ARLINGTON, Texas — An Arlington family, with children required to start their public school year online, is making the best of the pandemic-caused situation with a heavy dose of school spirit - even if that spirit is temporarily trapped at home.
"When we were thrust into this environment in March, we were very unprepared," said Kerri Ressl of the Arlington ISD school year that ended with students learning remotely in the spring.
"I think like everybody we're sort of navigating these waters day by day and in some cases hour by hour," added her husband Seth Ressl.
Their daughter Grace is a sophomore at Arlington High School and their son Mason is in the 4th grade at Duff Elementary. Both of those schools are in Arlington ISD, which won't start classes in-person until at least late September.
But mom and dad work at UT Arlington. Seth is the senior director of involvement and engagement in student affairs. Kerri is the director of organizational excellence at the UTA Libraries. So, they decided for a bit of excellent organizing at home.
"There was maybe a little bit of eye-rolling," Seth joked of their kids' reaction to their decision.
They decided their online learning environment needed a name. They chose to call it the Ressl Online Learning Academy.
They needed a mascot. They chose the alliterative name of the Ressl Raptors.
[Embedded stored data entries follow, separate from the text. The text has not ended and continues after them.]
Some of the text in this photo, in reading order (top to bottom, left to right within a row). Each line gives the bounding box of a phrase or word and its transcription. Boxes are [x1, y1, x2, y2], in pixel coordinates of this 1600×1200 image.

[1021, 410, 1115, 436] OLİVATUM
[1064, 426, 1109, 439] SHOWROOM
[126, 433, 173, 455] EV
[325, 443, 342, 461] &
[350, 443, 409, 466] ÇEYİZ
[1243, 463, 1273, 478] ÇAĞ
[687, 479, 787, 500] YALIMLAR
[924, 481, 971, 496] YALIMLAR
The kids helped design their own school-spirit t-shirts, complete with a Raptor silhouette. And they even posed for a front yard photo, each of them holding up their school hand sign: a claw that looks a bit like a TCU horned frog.
"We wanted to provide just some fun. Bring some levity to the situation," Kerri said in a Tuesday Zoom interview. "What a way to take a tough situation at its face value and try to just put some fun things around it."
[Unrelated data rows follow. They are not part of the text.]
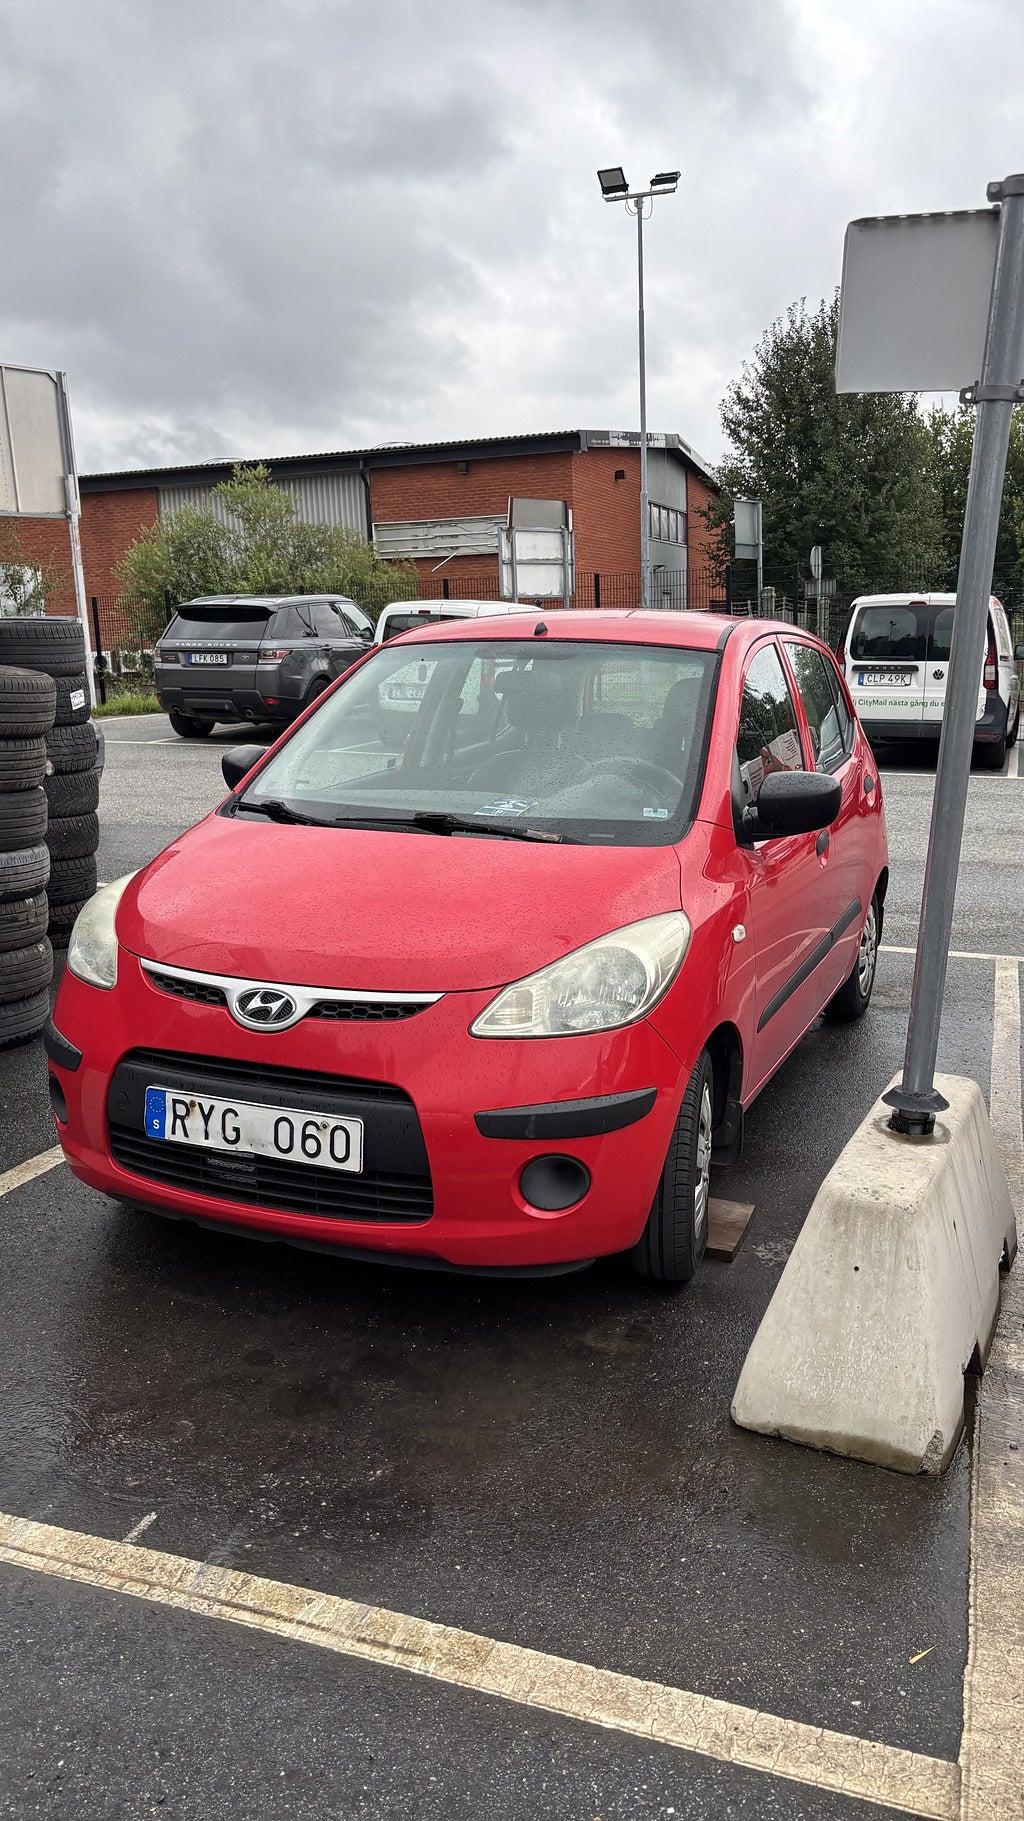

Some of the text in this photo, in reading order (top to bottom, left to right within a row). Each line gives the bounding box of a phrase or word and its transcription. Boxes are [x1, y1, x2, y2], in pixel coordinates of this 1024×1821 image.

[194, 654, 225, 663] LFK 085
[867, 674, 907, 683] CLP 49K
[858, 698, 888, 707] CityMail
[888, 698, 909, 706] nästa
[909, 699, 929, 708] gång
[152, 1118, 160, 1130] S
[170, 1098, 351, 1163] RYG 060
Both students have their own dedicated workspace at home, and are learning with an expectation that that school is supposed to be fun, whether you're in class or in your own bedroom.
"This is a challenging time in a challenging environment in a very different space and we've got to do what we can to make it engaging and fun and enjoyable as possible," Seth said.
But, in our Tuesday morning conversation, there were two people missing from the Zoom call.
Grace and Mason weren't available. They were on day two of their online classes. Schoolwork took precedence.
"They're both currently on Zoom calls doing some classwork," Seth said.
"We're not gonna lie. There's going to be challenging days. There's gonna be tears, probably with them and us," Kerri Ressl said with a laugh. "But we are prepared for that and we just know that every day is a new day."